◆ Task objective:
Go to the line containing "this 1334×1125 image." in the records below. Repeat it and the lines after it exactly, all the way to the end.

[Saved data entries]
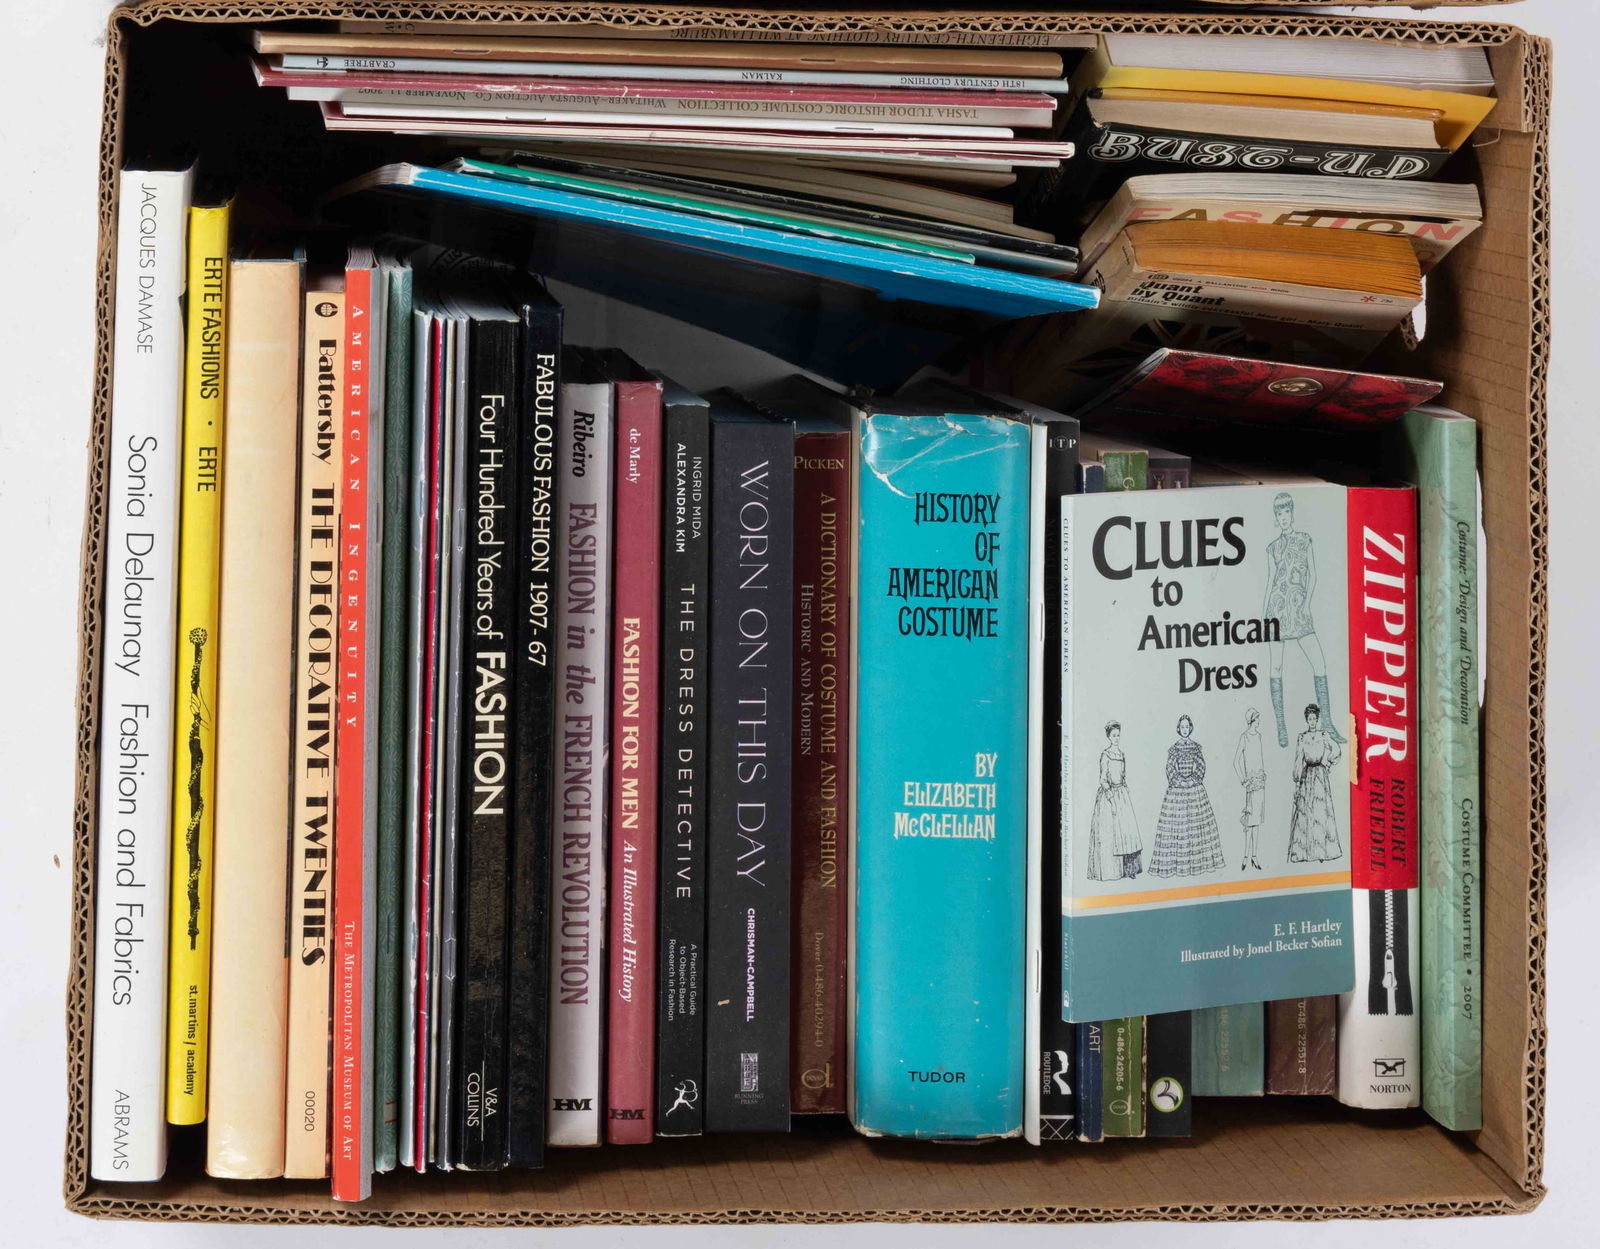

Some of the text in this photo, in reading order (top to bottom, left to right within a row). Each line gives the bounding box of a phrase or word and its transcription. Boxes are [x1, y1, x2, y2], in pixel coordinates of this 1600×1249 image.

[344, 60, 396, 68] CRABTREE
[955, 80, 1000, 88] CENTURY
[676, 443, 686, 552] ALEXANDRA KIM
[692, 456, 702, 539] INGRID MIDA
[914, 492, 1000, 527] HISTORY
[975, 531, 1000, 564] OF
[1092, 515, 1246, 580] CLUES
[473, 394, 506, 815] Four Hundred Years of FASHION
[888, 568, 999, 600] AMERICAN
[1151, 577, 1183, 607] to
[898, 606, 998, 638] COSTUME
[1138, 611, 1280, 651] American
[1362, 526, 1408, 762] ZIPPER
[112, 183, 158, 1170] JACQUES DAMASE Sonia Delaunay Fashion and Fabrics ABRAMS
[301, 339, 337, 966] Battersby THE DECORATIVE TWENTIES
[737, 460, 768, 887] WORN ON THIS DAY
[1178, 658, 1258, 693] Dress
[560, 410, 597, 1005] Ribeiro FASHION in the FRENCH REVOLUTION
[1369, 778, 1386, 872] FRIEDEL
[1390, 778, 1407, 867] ROBERT
[1461, 797, 1475, 1020] COSTUME COMMITTEE 2007
[747, 908, 755, 1021] CHRISMAN-CAMPBELL
[1181, 935, 1342, 963] Illustrated by Jonel Becker Sofian
[908, 1071, 966, 1084] TUDOR
[1043, 1052, 1052, 1094] ROUTLEDGE
[1116, 1028, 1124, 1091] 0-486-24205-6
[466, 1073, 480, 1126] COLLINS
[484, 1088, 497, 1116] V&A
[1370, 1084, 1411, 1094] NORTON
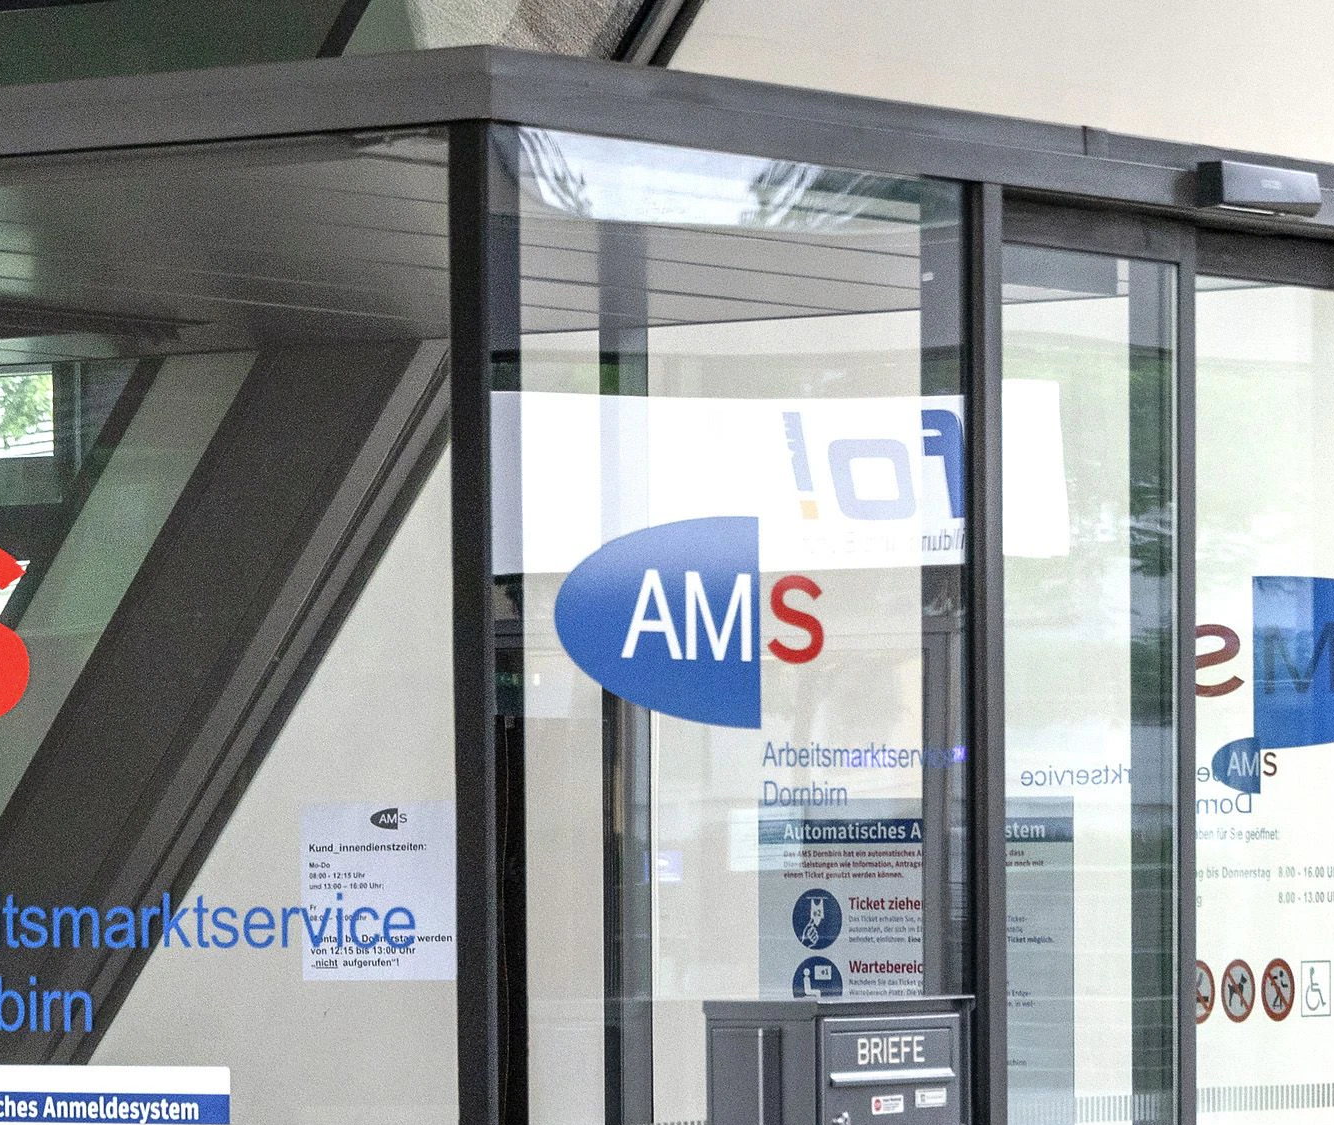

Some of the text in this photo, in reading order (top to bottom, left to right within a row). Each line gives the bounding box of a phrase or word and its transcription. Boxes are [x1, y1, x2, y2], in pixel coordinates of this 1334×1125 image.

[621, 570, 825, 665] AMS
[1227, 752, 1277, 776] AMS
[763, 781, 847, 806] Dornbirn
[379, 813, 407, 824] AMS
[784, 822, 906, 840] Automatisches
[309, 843, 427, 854] Kund_innendienstzeiten:
[1222, 866, 1271, 881] Donnerstag
[849, 897, 922, 910] Ticket ziehe
[417, 934, 452, 942] werden
[849, 960, 923, 974] Wartebereic
[857, 1036, 925, 1064] BRIEFE
[43, 1096, 200, 1124] Anmeldesystem

◆ Exercise response:
Some of the text in this photo, in reading order (top to bottom, left to right within a row). Each line gives the bounding box of a phrase or word and its transcription. Boxes are [x1, y1, x2, y2], in pixel coordinates of this 1334×1125 image.

[621, 570, 825, 665] AMS
[1227, 752, 1277, 776] AMS
[763, 781, 847, 806] Dornbirn
[379, 813, 407, 824] AMS
[784, 822, 906, 840] Automatisches
[309, 843, 427, 854] Kund_innendienstzeiten:
[1222, 866, 1271, 881] Donnerstag
[849, 897, 922, 910] Ticket ziehe
[417, 934, 452, 942] werden
[849, 960, 923, 974] Wartebereic
[857, 1036, 925, 1064] BRIEFE
[43, 1096, 200, 1124] Anmeldesystem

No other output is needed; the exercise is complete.